2. The method according to claim 1, wherein the adjusting image content of the first target image corresponding to the second terminal based on the content of the voice message sent by the second terminal to obtain at least one second target image comprises:

extracting a first keyword from the voice information;

3. The method according to claim 1, wherein the adjusting image content of the first target image corresponding to the second terminal based on the content of the voice message sent by the second terminal to obtain at least one second target image comprises:

extracting a second keyword from the voice information;

determining a user emotion of the second end user based on the second keyword;

4. The method according to claim 1, wherein the adjusting the image content of the first target image corresponding to the second terminal based on the content of the voice message sent by the second terminal to obtain at least one second target image comprises at least one of:

5. The method according to claim 1, wherein the generating a first target video corresponding to the second terminal within the first preset time duration based on the first video and the second video comprises:

6. The method according to claim 1 or 5, wherein after the generating of the first target video corresponding to the second terminal within the first preset time period, the method further comprises:

playing a first target video corresponding to the second terminal;

in the process of playing the first target video, a third video is collected through a camera on a sub-screen to which a call display area corresponding to the second terminal belongs;

and generating a second target video corresponding to the second terminal within a second first preset time length based on the third video and the first video and the second video acquired within the second first preset time length.
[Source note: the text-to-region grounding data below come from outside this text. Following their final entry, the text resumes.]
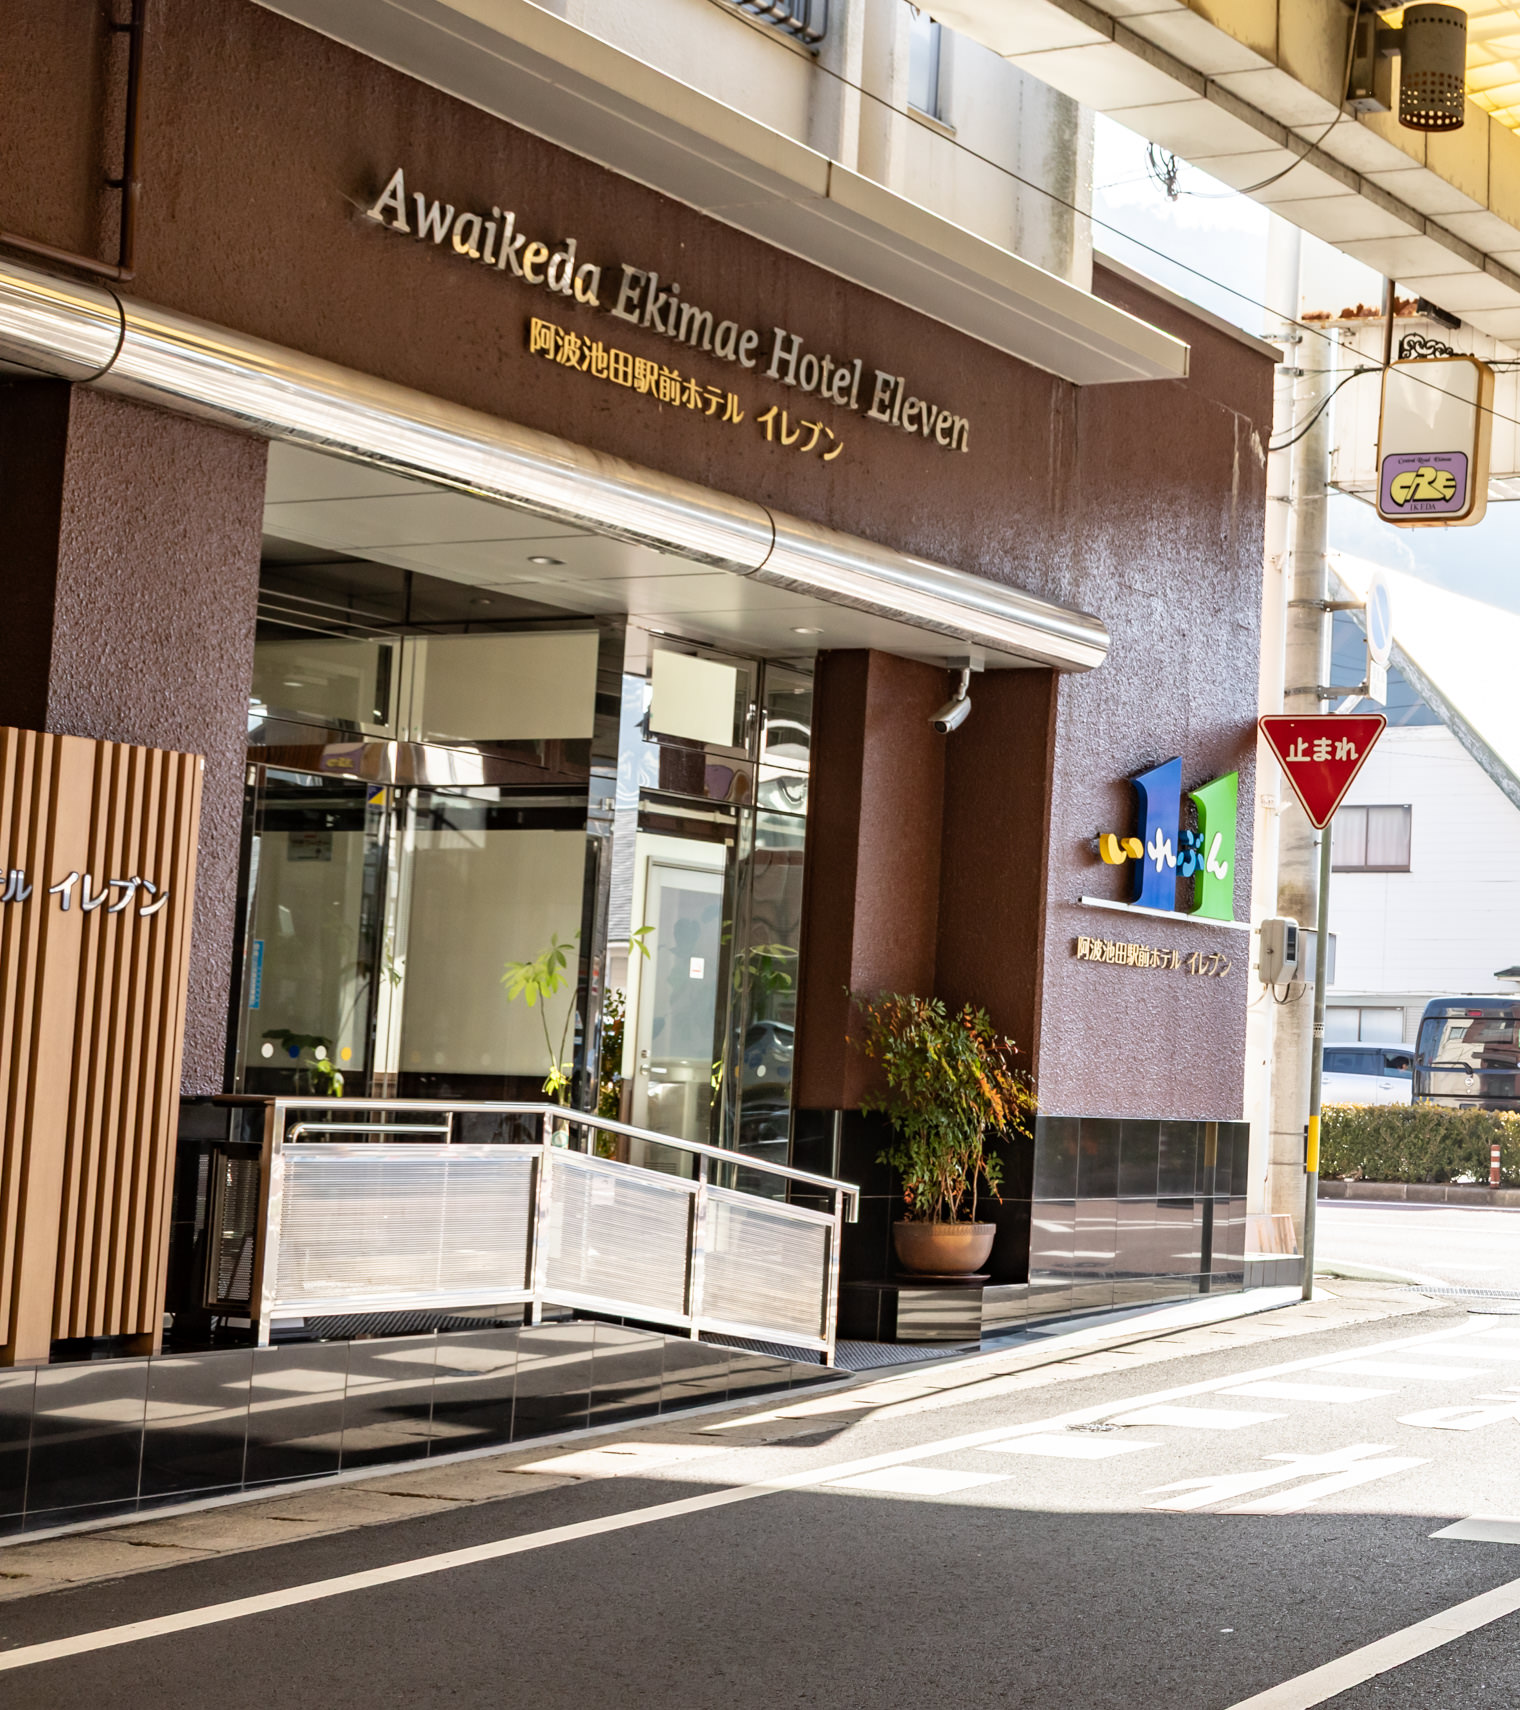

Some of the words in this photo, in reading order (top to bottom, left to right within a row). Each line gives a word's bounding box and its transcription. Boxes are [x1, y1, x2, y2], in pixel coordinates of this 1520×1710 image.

[366, 167, 600, 308] Awaikeda
[611, 263, 759, 369] Ekimae
[767, 327, 861, 411] Hotel
[869, 370, 970, 452] Eleven
[529, 316, 744, 424] 阿波池田駅前ホテル
[757, 406, 843, 461] イレブン
[1285, 736, 1359, 762] 止まれ
[1100, 828, 1229, 880] いれぶん
[0, 868, 32, 902] ル
[49, 871, 169, 916] イレブン
[1077, 936, 1181, 970] 阿波池田駅前ホテル
[1187, 951, 1232, 977] イレブン
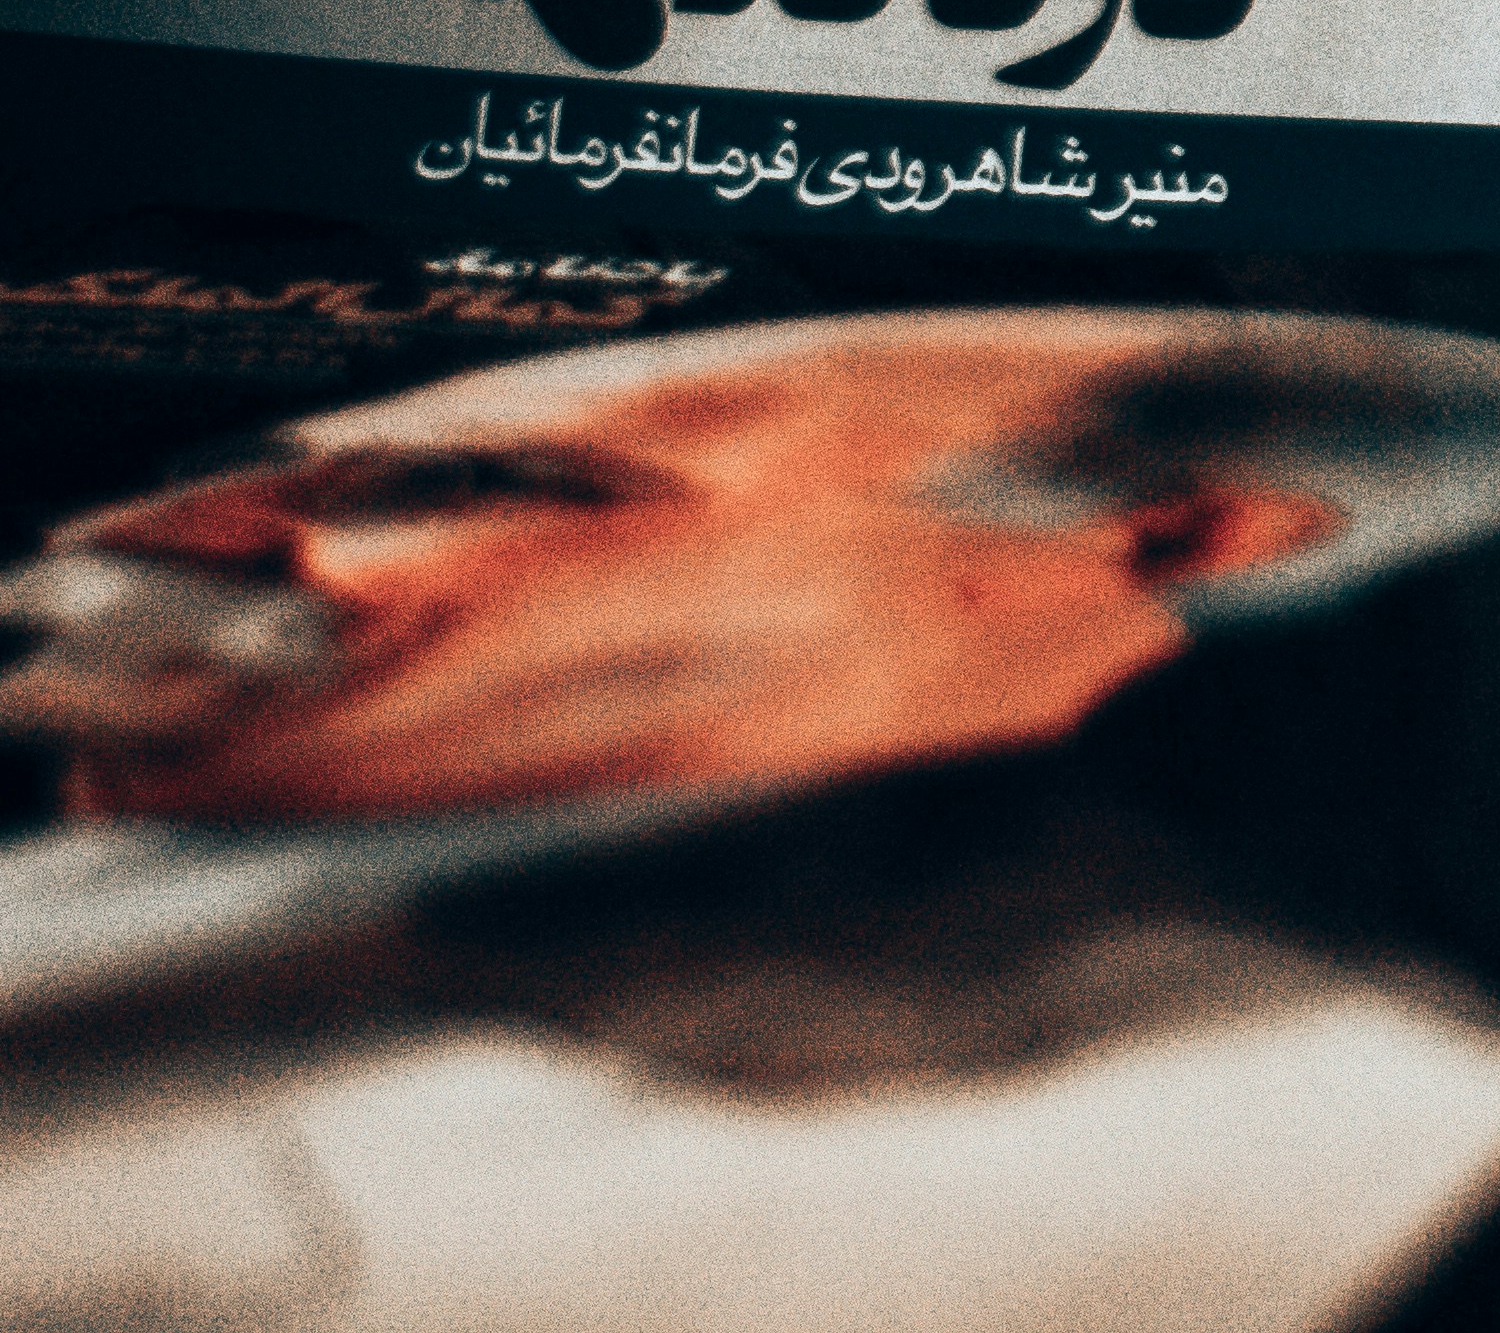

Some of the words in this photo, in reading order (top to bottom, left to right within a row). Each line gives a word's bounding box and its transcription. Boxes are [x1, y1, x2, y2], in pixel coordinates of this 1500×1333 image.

[414, 90, 799, 205] فرمانفرمائیان
[800, 125, 1098, 220] شاهرودی
[1088, 141, 1230, 229] منیر
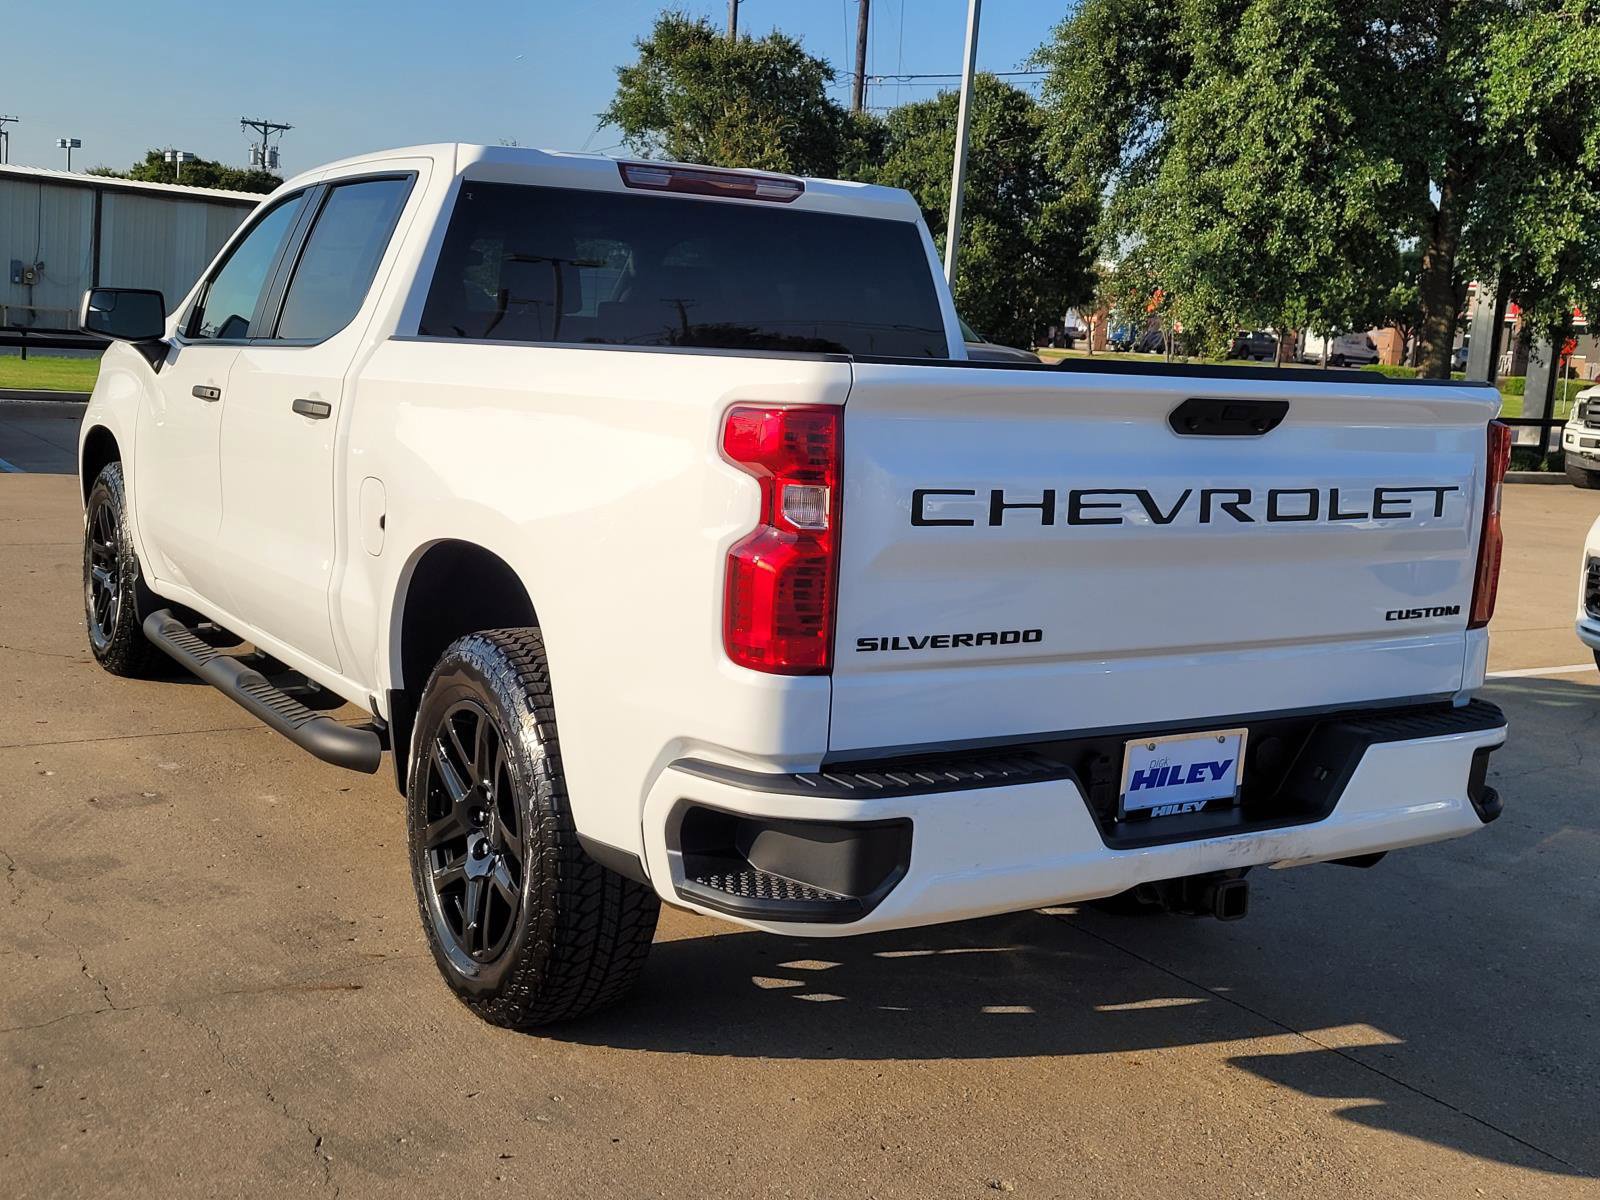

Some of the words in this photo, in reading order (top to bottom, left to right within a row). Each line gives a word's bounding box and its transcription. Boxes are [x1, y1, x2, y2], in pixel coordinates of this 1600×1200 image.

[911, 487, 1459, 527] CHEVROLET
[1385, 605, 1461, 621] CUSTOM
[855, 629, 1043, 652] SILVERADO
[1129, 759, 1234, 791] HILEY
[1151, 800, 1207, 817] HILEY
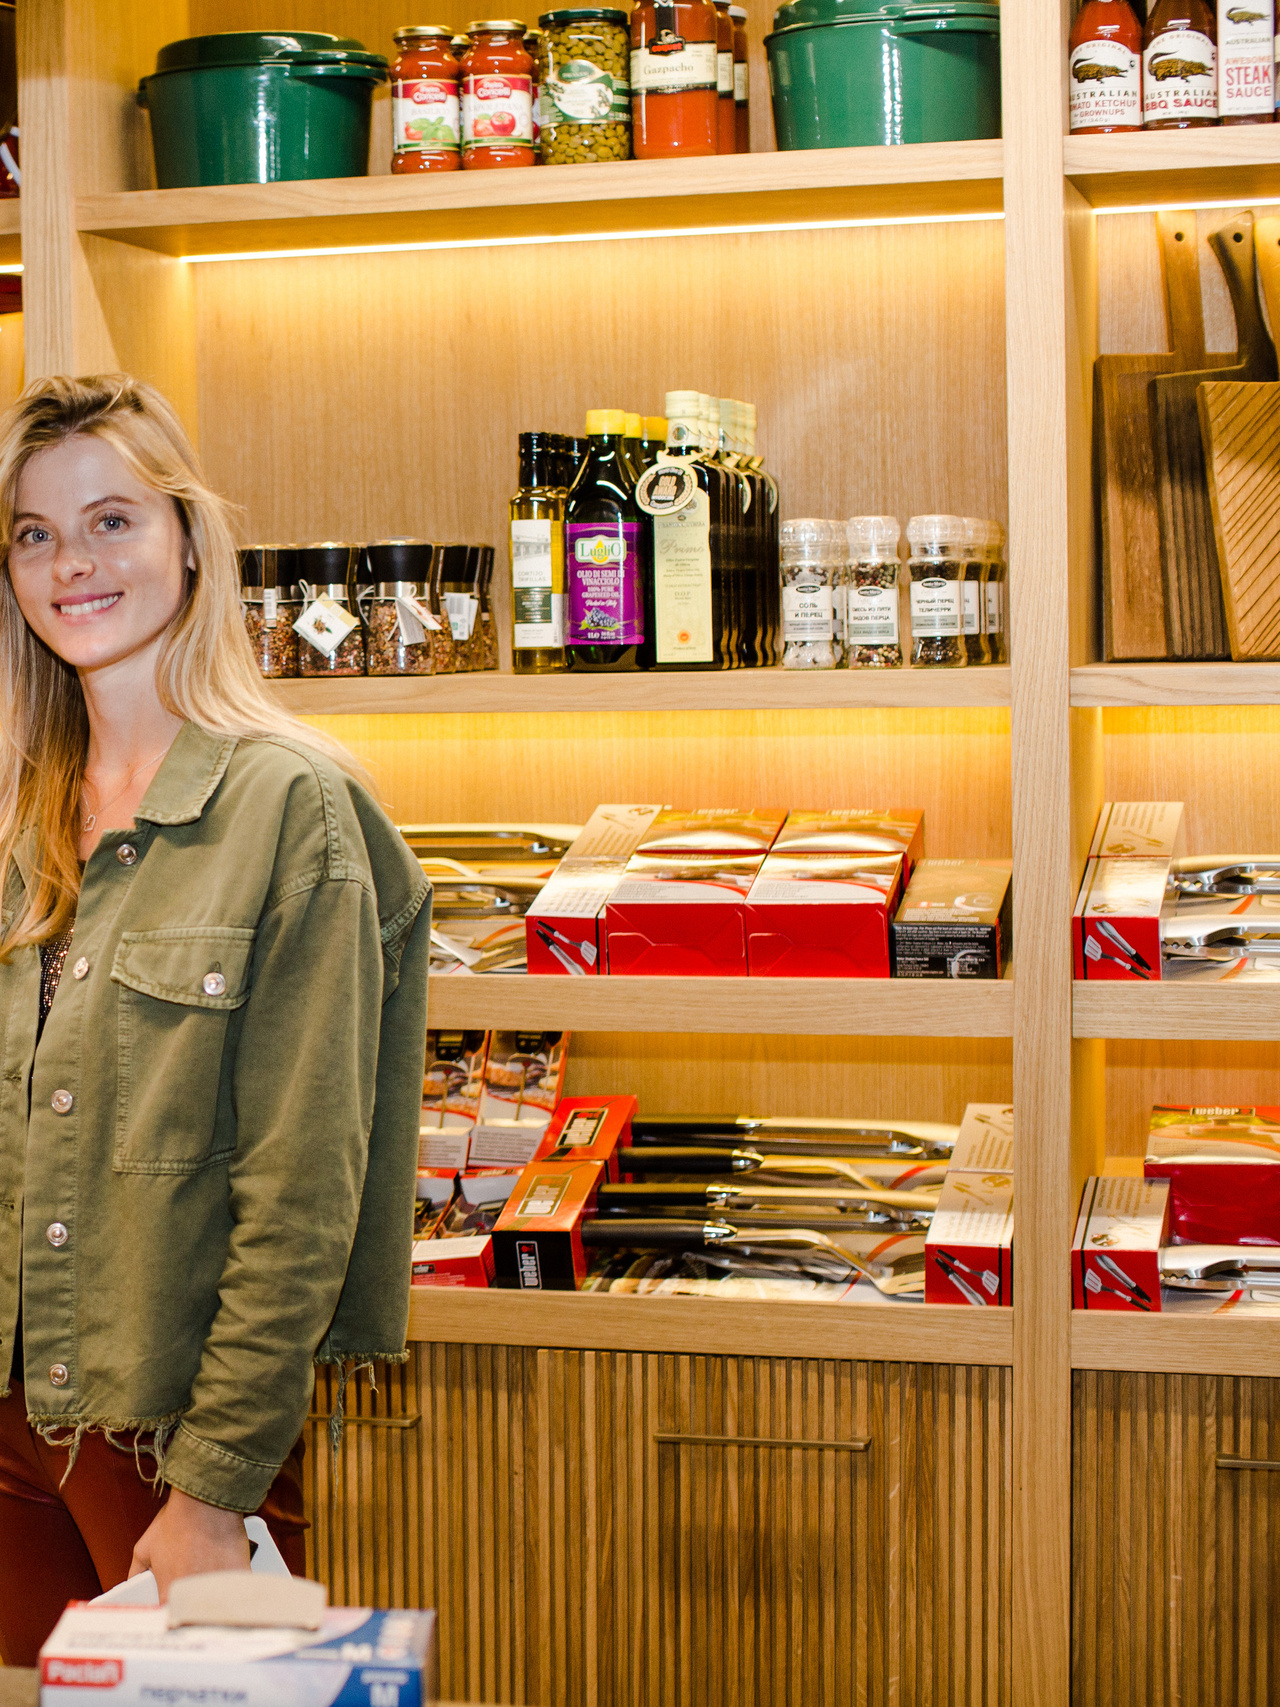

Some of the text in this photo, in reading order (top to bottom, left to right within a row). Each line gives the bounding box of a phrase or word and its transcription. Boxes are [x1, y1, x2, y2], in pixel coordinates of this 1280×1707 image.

7. The method of claim 1, wherein only the portrait of the second end user is included in the first target image;

for each first target image, replacing the first target image with a third target image containing the portrait of the second end user and the portrait of the first end user in case of receiving a first input of a user; the first input is single click input, double click input or long press input;

replacing the third target image with the first target image in a case where a second input by a user is received; the second input is a single click input, a double click input or a long press input.

8. The method according to claim 1, wherein the displaying the first target image corresponding to each of the second terminals in the call display area corresponding to each of the second terminals respectively comprises:

determining a display priority of each second terminal;

9. The method of claim 8, wherein the determining the display priority of each of the second terminals comprises:

10. A first terminal, comprising:

the first display module is used for respectively displaying a first target image corresponding to each second terminal in the call display area corresponding to each second terminal; the call display area is positioned in a screen of the first terminal;

the second display module is used for displaying the at least one second target image in a call display area corresponding to the second terminal;

the first generation module is used for intercepting a first video segment with second preset time duration from the first video under the condition that the second video comprises preset actions of a first terminal user, intercepting a second video segment containing the preset actions from the second video, and synthesizing the second video segment to a preset position of the first video segment to obtain a first target video corresponding to the second terminal within the first preset time duration.

11. A mobile terminal, characterized in that it comprises a processor, a memory and a computer program stored on the memory and executable on the processor, which computer program, when executed by the processor, implements the steps of the voice call method according to any one of claims 1 to 9.